[Opening Excerpted records section]
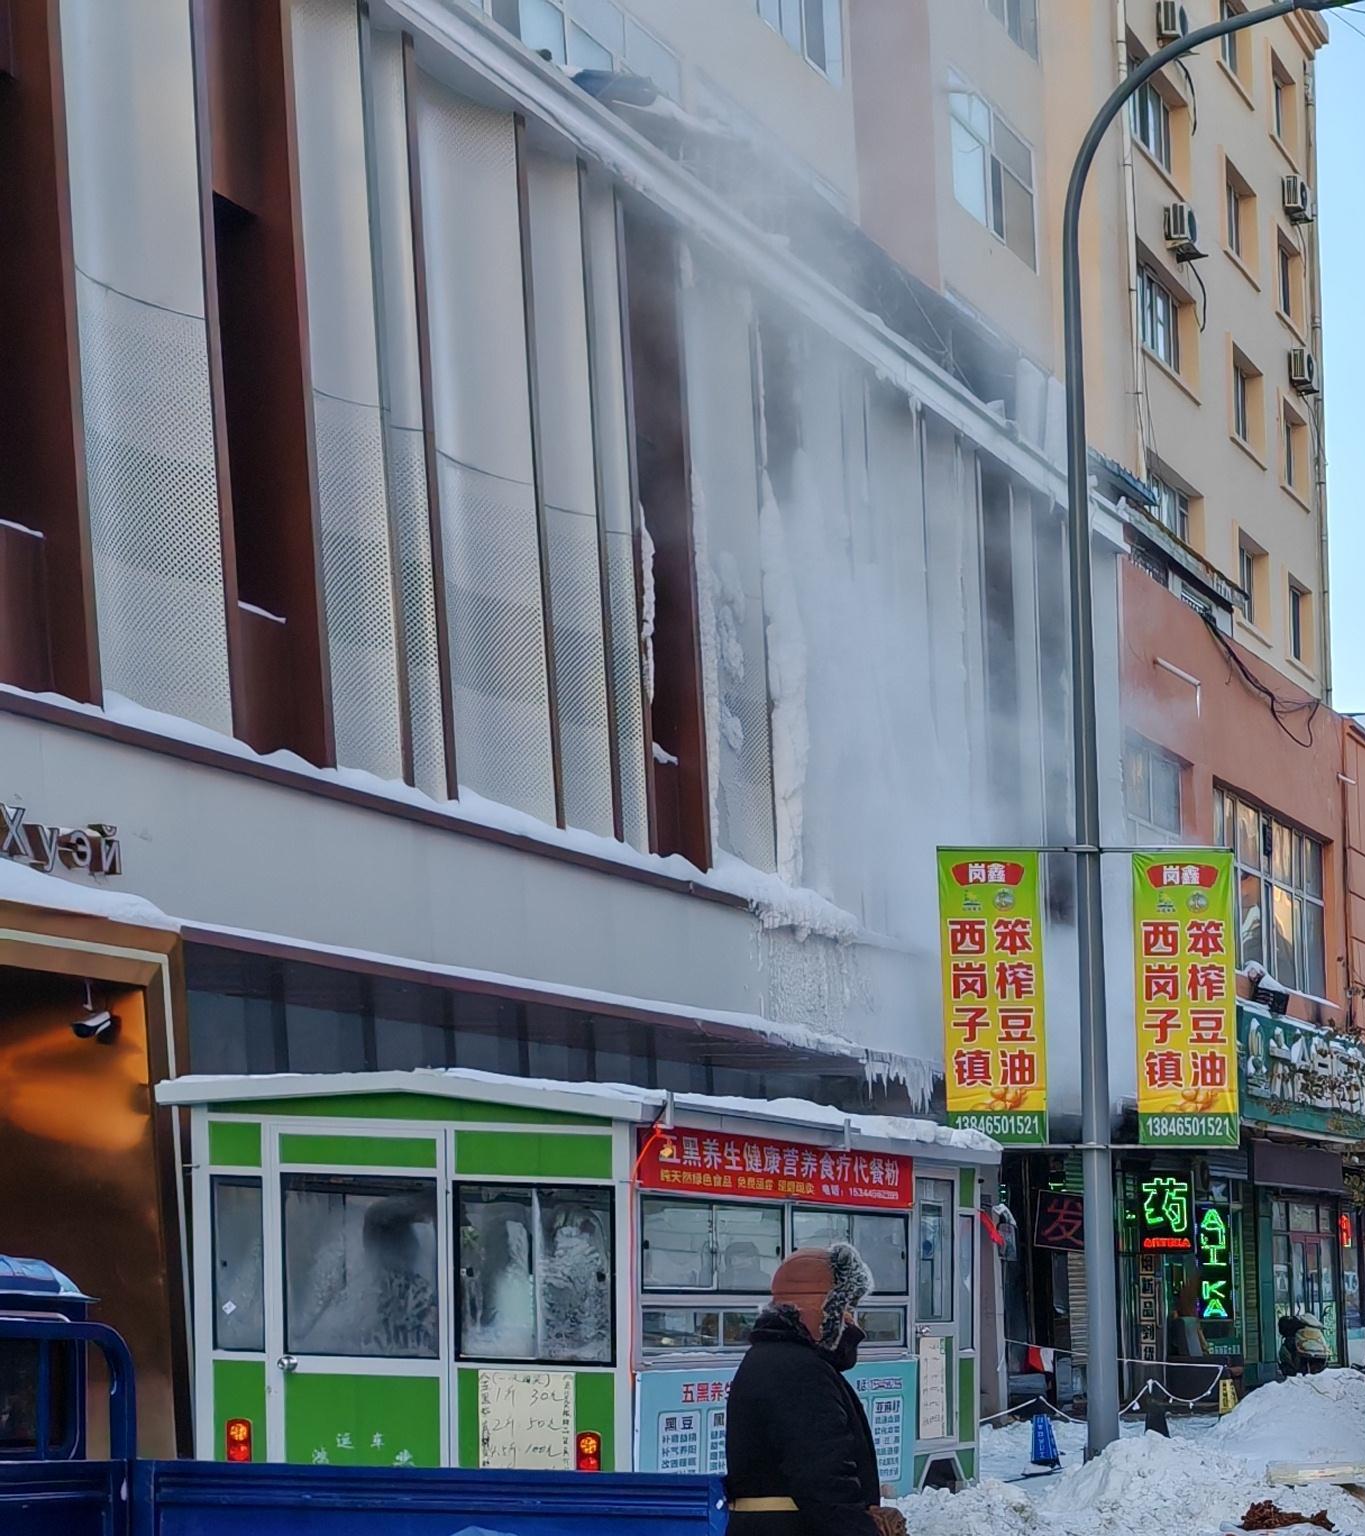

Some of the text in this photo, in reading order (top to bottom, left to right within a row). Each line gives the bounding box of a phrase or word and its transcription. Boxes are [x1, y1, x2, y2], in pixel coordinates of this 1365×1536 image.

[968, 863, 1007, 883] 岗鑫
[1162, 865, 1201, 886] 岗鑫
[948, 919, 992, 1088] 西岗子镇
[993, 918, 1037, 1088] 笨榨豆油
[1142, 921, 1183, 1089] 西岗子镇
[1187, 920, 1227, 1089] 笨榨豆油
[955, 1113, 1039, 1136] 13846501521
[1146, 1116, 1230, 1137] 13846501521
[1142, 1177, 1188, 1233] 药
[Closing Excerpted records section]
Exercise prompt: When you copy the data, keep every line exact and leave out each picture.

Answer for the task:
Some of the text in this photo, in reading order (top to bottom, left to right within a row). Each line gives the bounding box of a phrase or word and its transcription. Boxes are [x1, y1, x2, y2], in pixel coordinates of this 1365×1536 image.

[968, 863, 1007, 883] 岗鑫
[1162, 865, 1201, 886] 岗鑫
[948, 919, 992, 1088] 西岗子镇
[993, 918, 1037, 1088] 笨榨豆油
[1142, 921, 1183, 1089] 西岗子镇
[1187, 920, 1227, 1089] 笨榨豆油
[955, 1113, 1039, 1136] 13846501521
[1146, 1116, 1230, 1137] 13846501521
[1142, 1177, 1188, 1233] 药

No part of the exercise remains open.